I teased this on the Facebook page months ago, and I have been silent ever since. There are several reasons for this. Some are logistical, since I moved across the country and started grad school. But I think also there is just a lot to reveal, and how much this shift has changed my perspective on what I do here and how I am present in life.

One thing that has not changed: my perspective on my Kibbe Image ID. I still believe that my yin/yang balance is Flamboyant Gamine, and it is the best description of my physicality and my “star quality.”

But there is another piece of how I identify that has been nearly as stable over the years that I have now decided was wrong. For many years, I have seen myself as a 3/4 in Dressing Your Truth. But I have never even really come close to dressing that way.
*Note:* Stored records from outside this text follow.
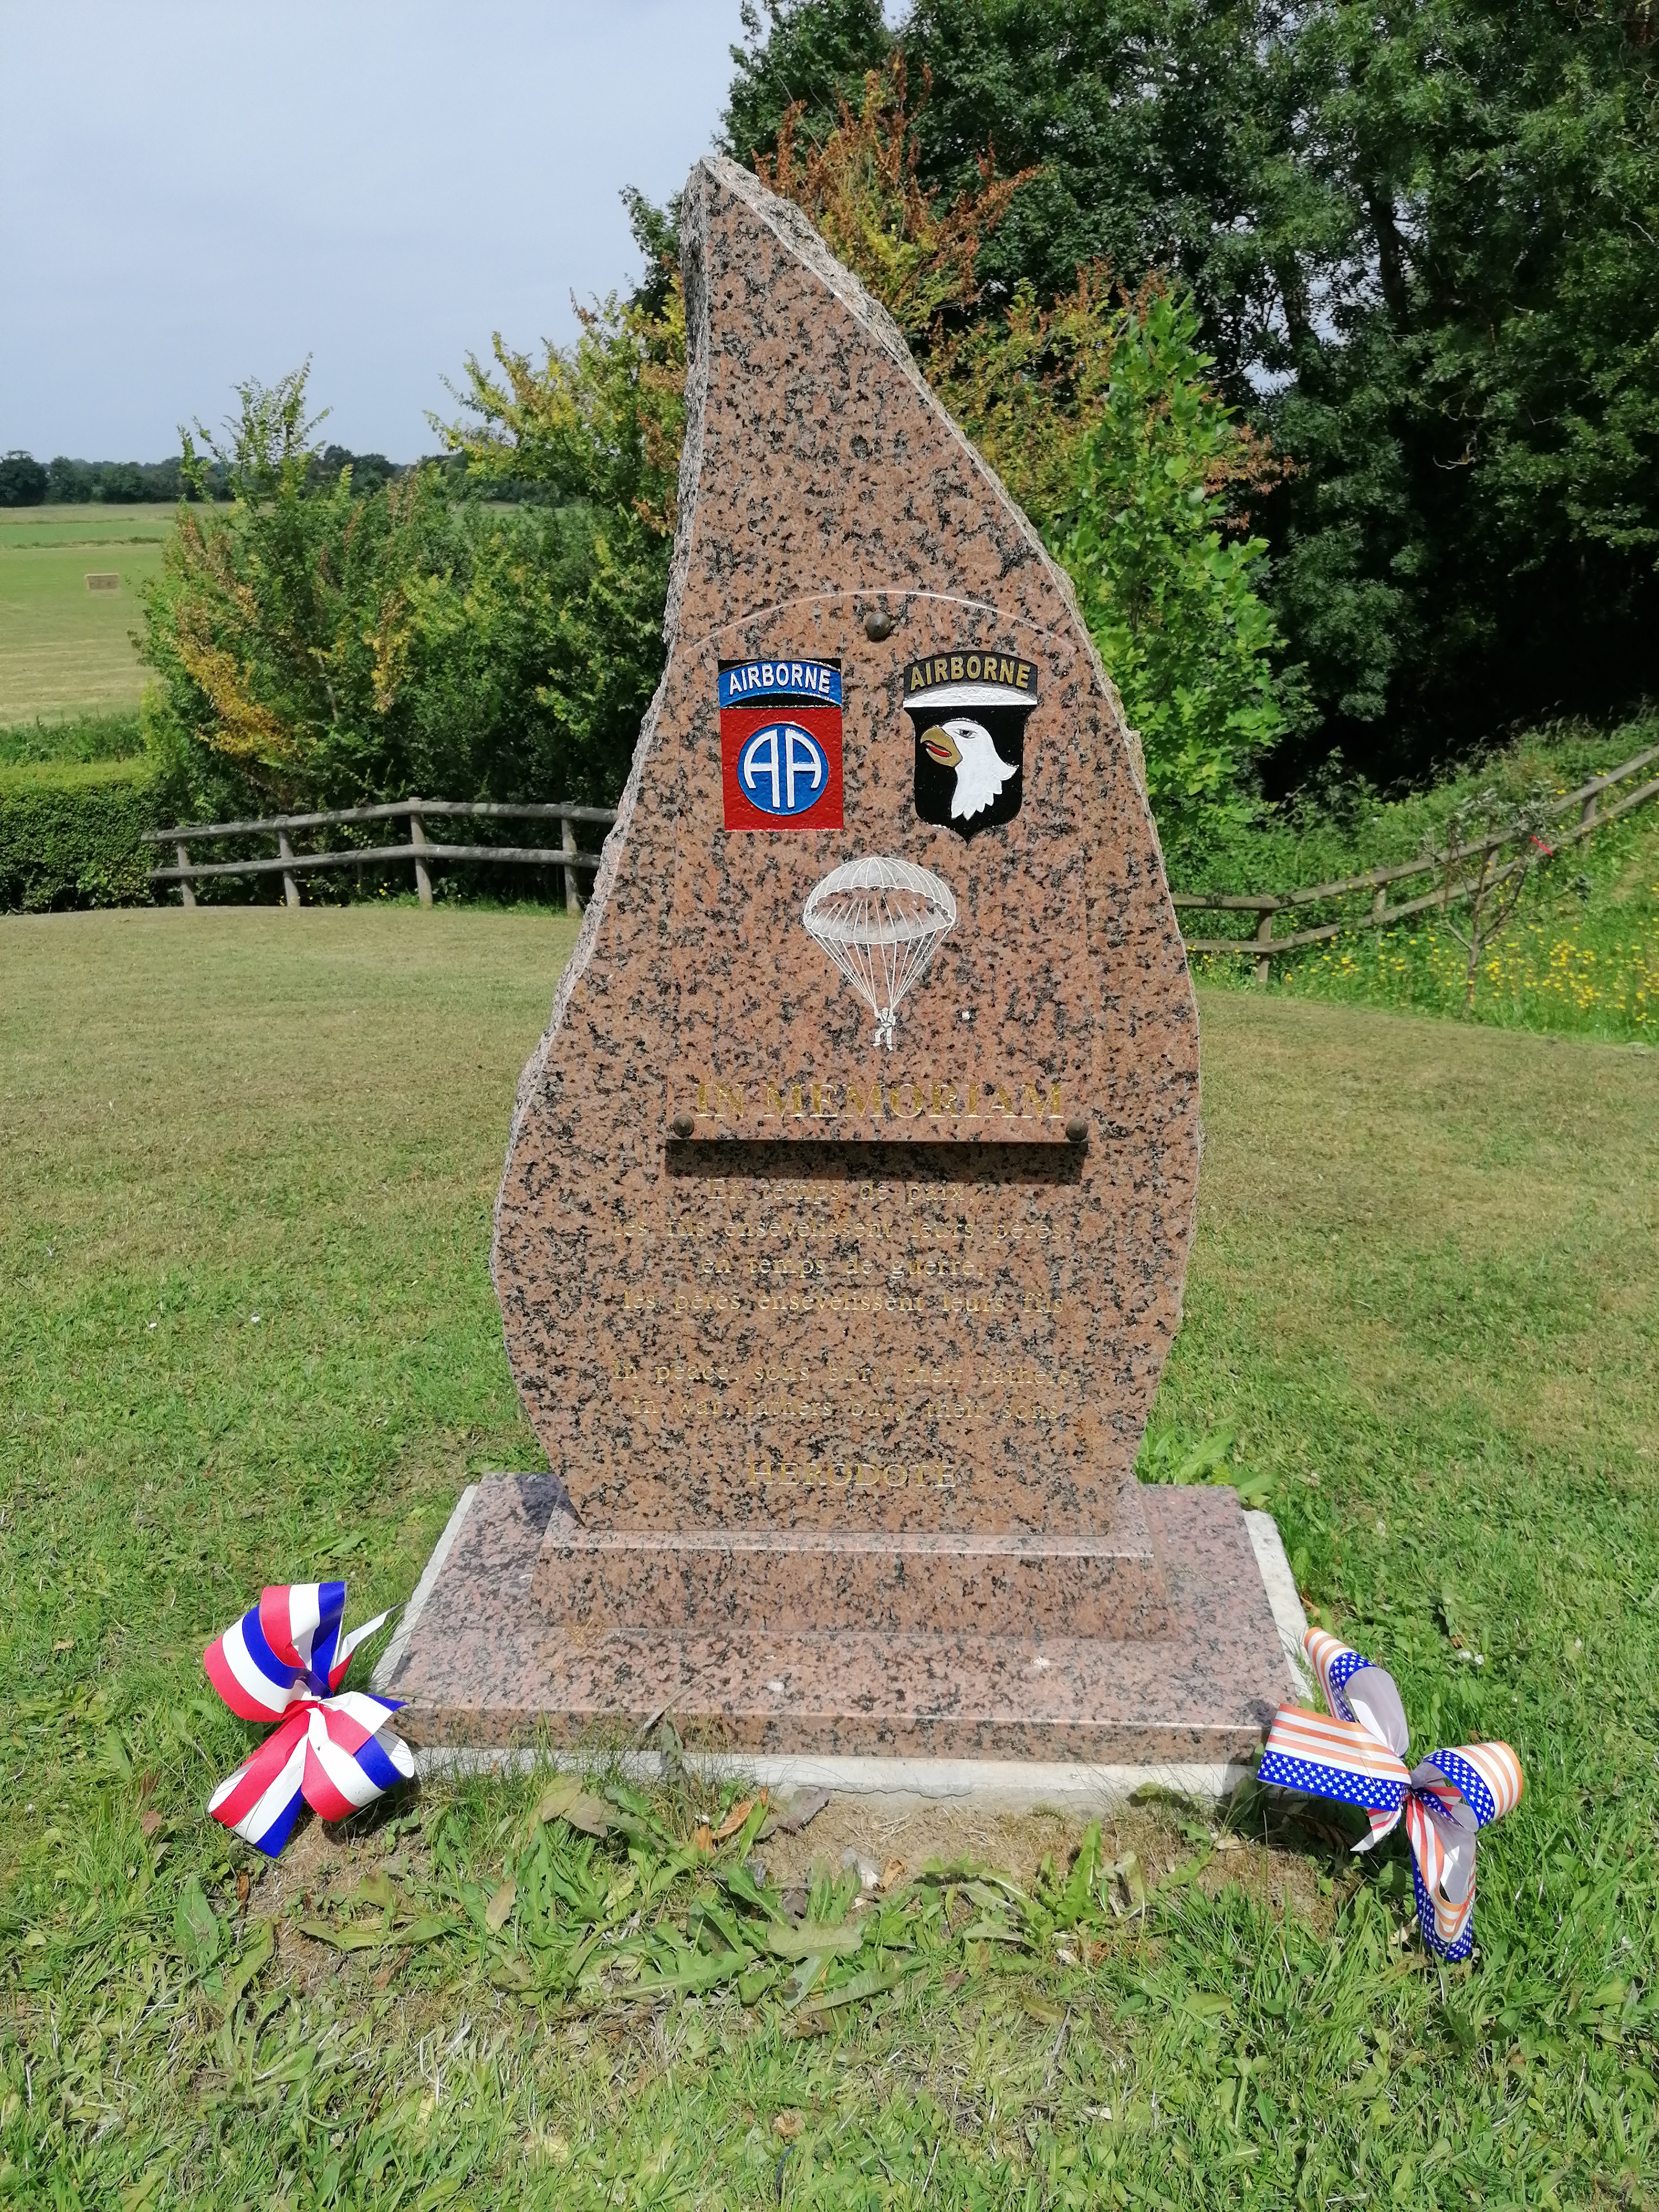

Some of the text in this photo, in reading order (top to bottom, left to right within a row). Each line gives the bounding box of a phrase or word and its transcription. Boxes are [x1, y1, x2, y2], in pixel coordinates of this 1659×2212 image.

[728, 663, 831, 695] AIRBORNE
[910, 655, 1030, 691] AIRBORNE
[744, 728, 823, 808] AA
[693, 1083, 1066, 1118] IN MEMORIAM
[707, 1179, 973, 1205] En temps de paix,
[614, 1216, 1071, 1243] les fils ensevelissent leurs pères,
[702, 1255, 984, 1279] en temps de guerre,
[623, 1289, 656, 1309] les
[758, 1290, 924, 1312] ensevelissent
[942, 1291, 1004, 1312] leurs
[1022, 1292, 1064, 1313] fils
[612, 1360, 1078, 1388] In peace, sons bury their fathers,
[632, 1395, 1058, 1421] In war, fathers bury their sons
[746, 1462, 956, 1488] HERODOTE
It was always too heavy, too much. And when I joined the Facebook group, I could never shake the feeling that I just didn’t look like the people in the group. But I simply didn’t know where else I could fit.

I got my license at the end of June, and as I was looking at my photo, it was as if I were seeing my face for the first time. Suddenly I could see symmetry and parallel lines. And I realized that I was a Type Four with a Secondary One.
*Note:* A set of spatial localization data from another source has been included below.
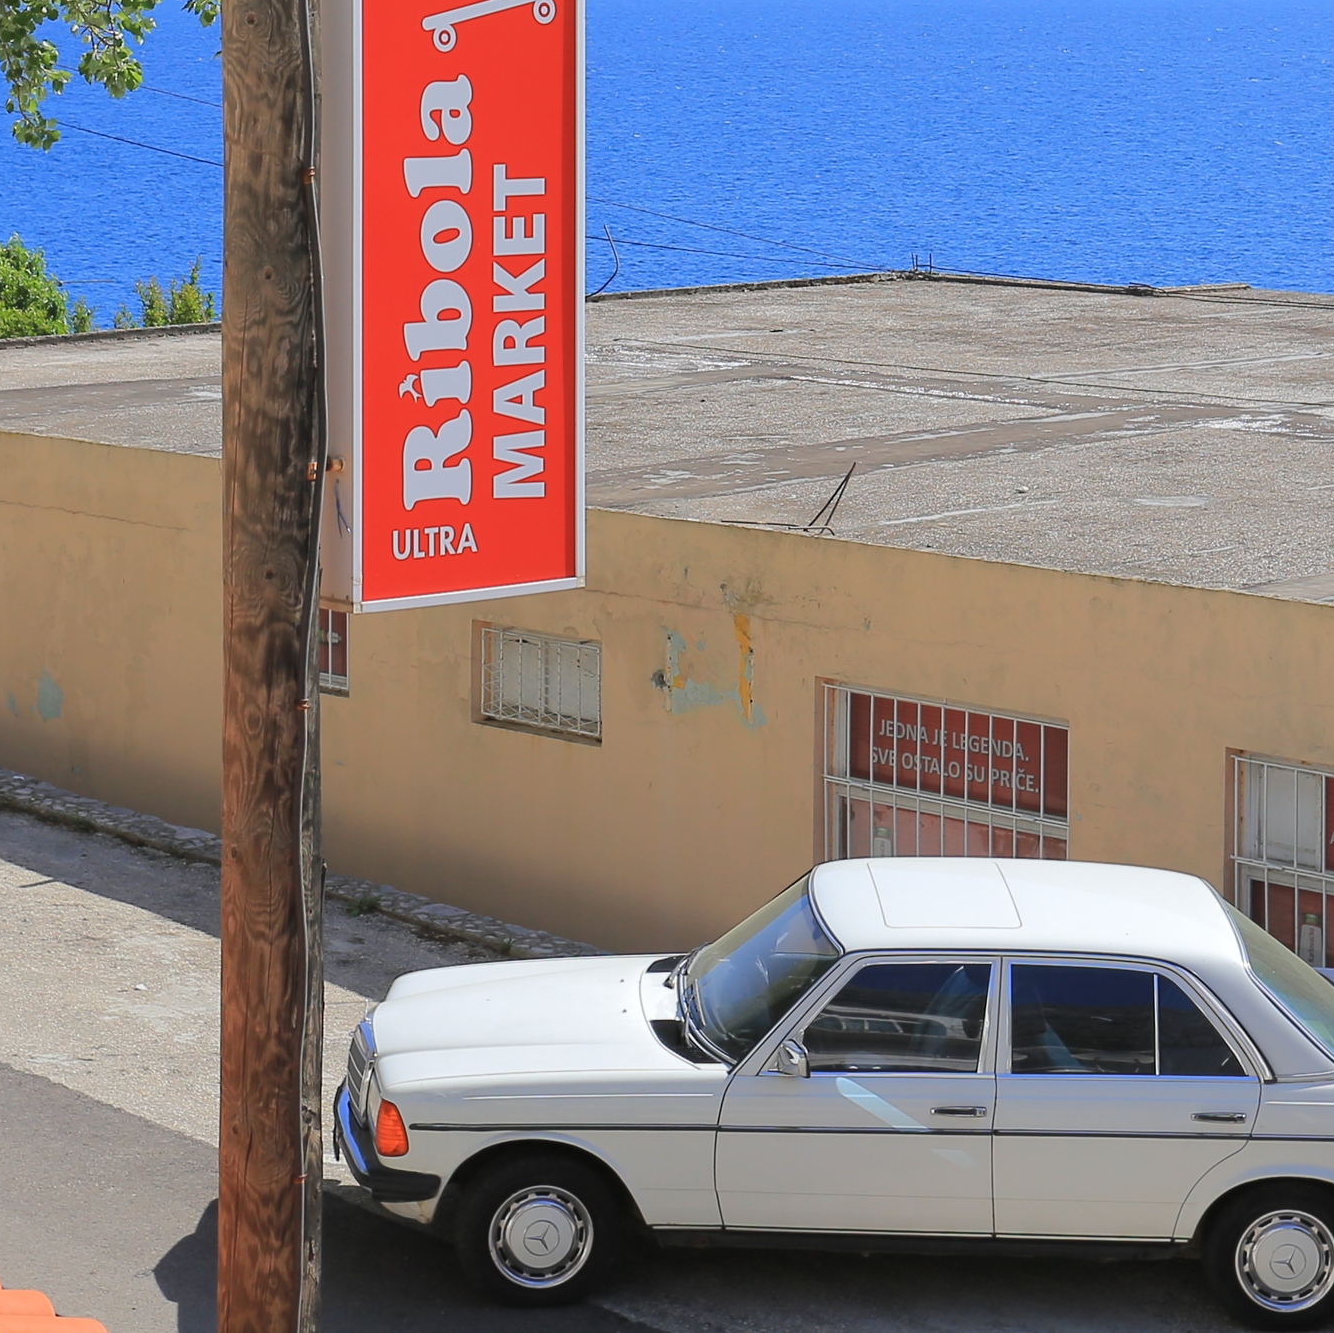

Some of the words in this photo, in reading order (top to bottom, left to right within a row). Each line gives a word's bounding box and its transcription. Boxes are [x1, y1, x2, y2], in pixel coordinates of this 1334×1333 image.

[399, 75, 472, 510] Ribola
[493, 164, 545, 498] MARKET
[393, 523, 477, 559] ULTRA
[879, 719, 929, 744] JEDNA
[932, 729, 948, 748] JE
[952, 732, 1029, 762] LEGENDA.
This is a common mistyping–it’s stillness with a push behind it. And it is not uncommon for Type 4s to not see themselves as “perfect enough” to be T4. I thought I wasn’t graceful enough; I thought that my nose was all wrong. But once I saw it, there it was.

This does, of course, render Dark Autumn, and Autumn in general, no longer relevant, if I really want to stick with DYT. I have enjoyed bringing black back into my wardrobe, and going for bold, saturated colors. Would I drape into these colors? Probably not. Do I feel like they express me better than something I may drape into? Yes.
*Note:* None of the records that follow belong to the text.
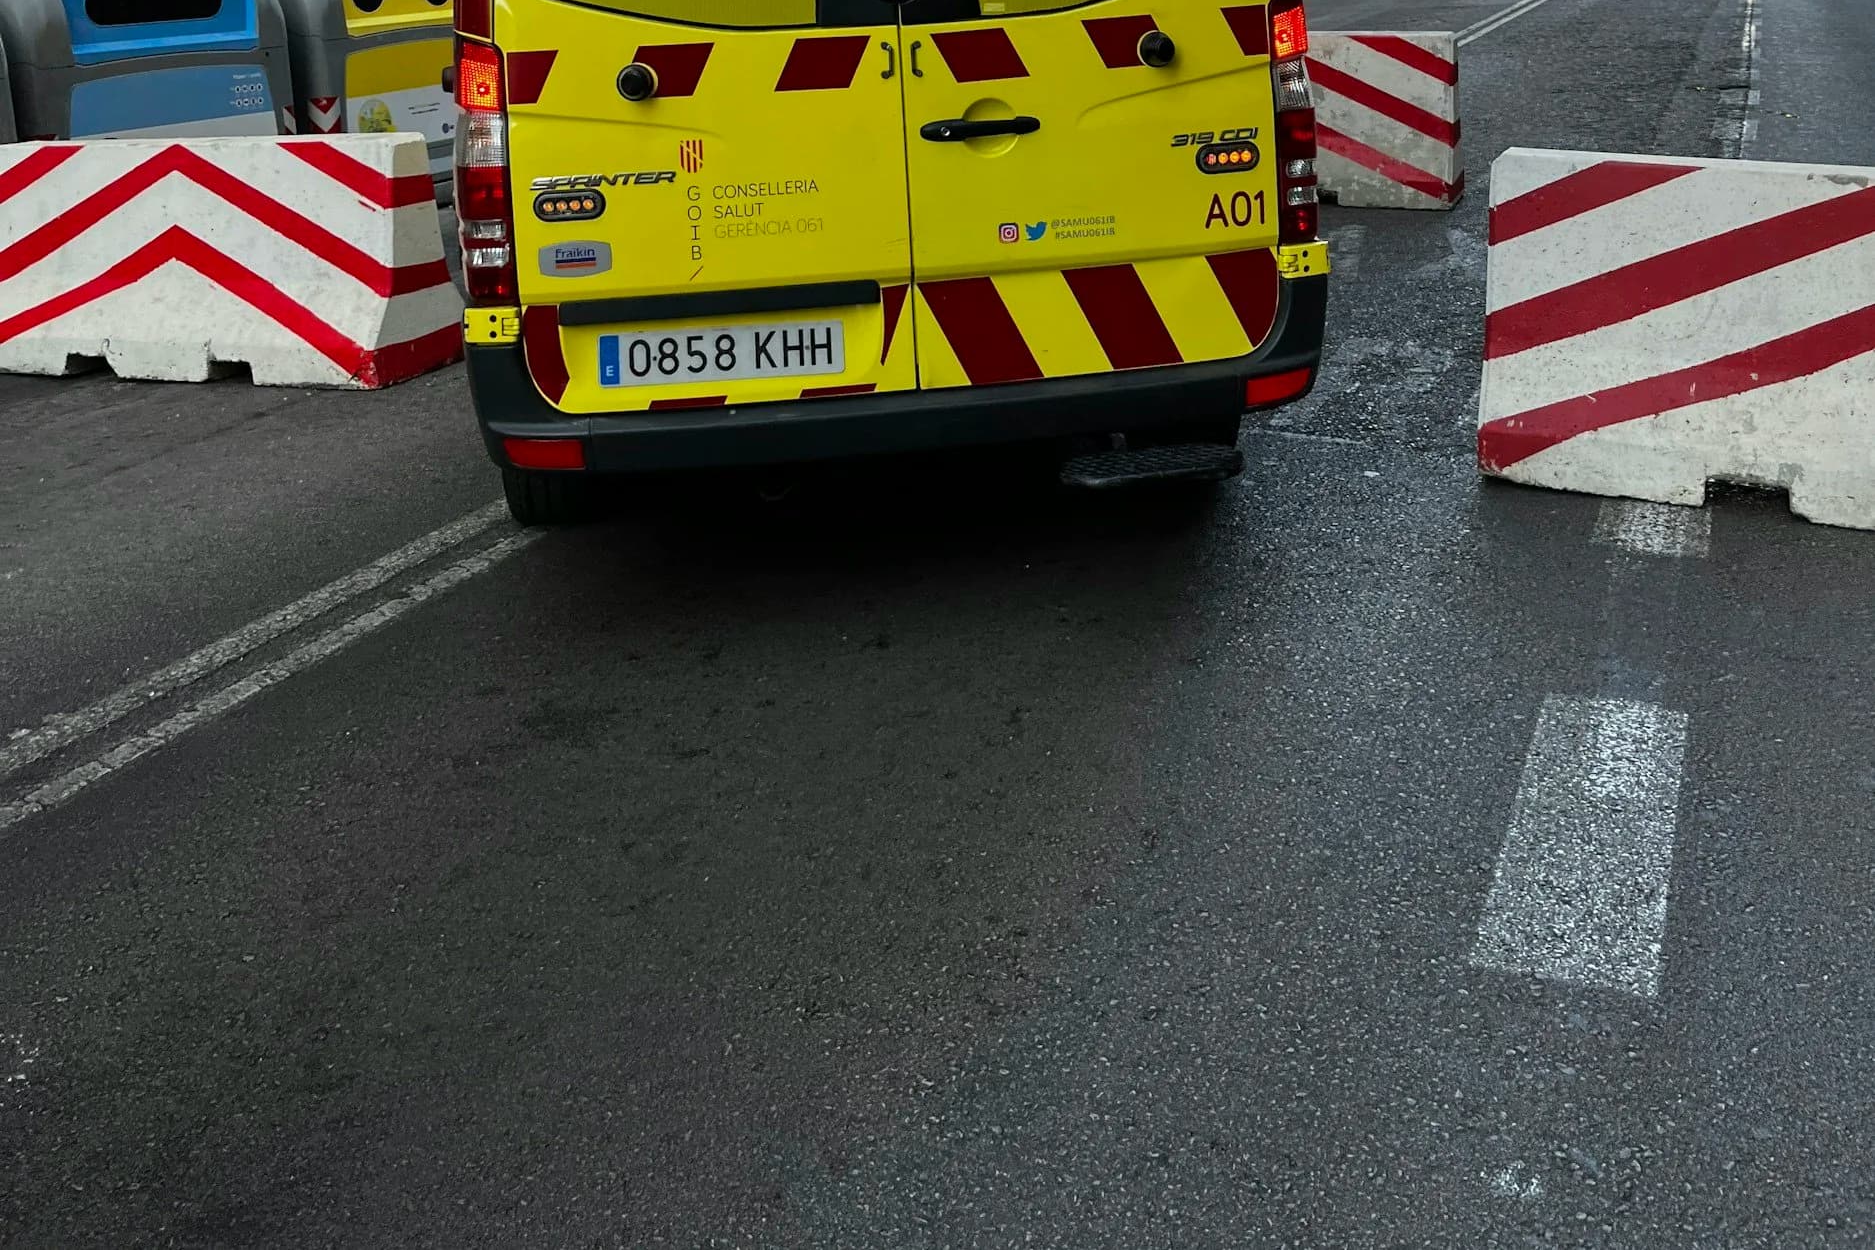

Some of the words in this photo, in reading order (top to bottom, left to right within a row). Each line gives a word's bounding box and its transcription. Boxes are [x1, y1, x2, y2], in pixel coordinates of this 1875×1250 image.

[1171, 132, 1215, 147] 319
[1219, 127, 1259, 142] CDI
[529, 171, 677, 191] SPRINTER
[712, 179, 820, 200] CONSELLERIA
[714, 202, 765, 219] SALUT
[1205, 190, 1265, 229] A01
[796, 217, 825, 234] 061
[629, 334, 737, 377] 0858
[754, 327, 833, 369] KHH
[606, 365, 614, 377] E
I do feel like it is a relief to not have to think about how I would fit what I loved into T3. I can see that the way I have been dressing is 4/1 lines, just in T3 colors. And I can see that living my truth has been good for me, especially since I discovered it right before I started a brand new chapter in my life.

I could go on and on about this, but really, just look at this site! It is so T4 🙂

I am not looking for opinions, but if you have questions about my process, I will answer them here and on Facebook.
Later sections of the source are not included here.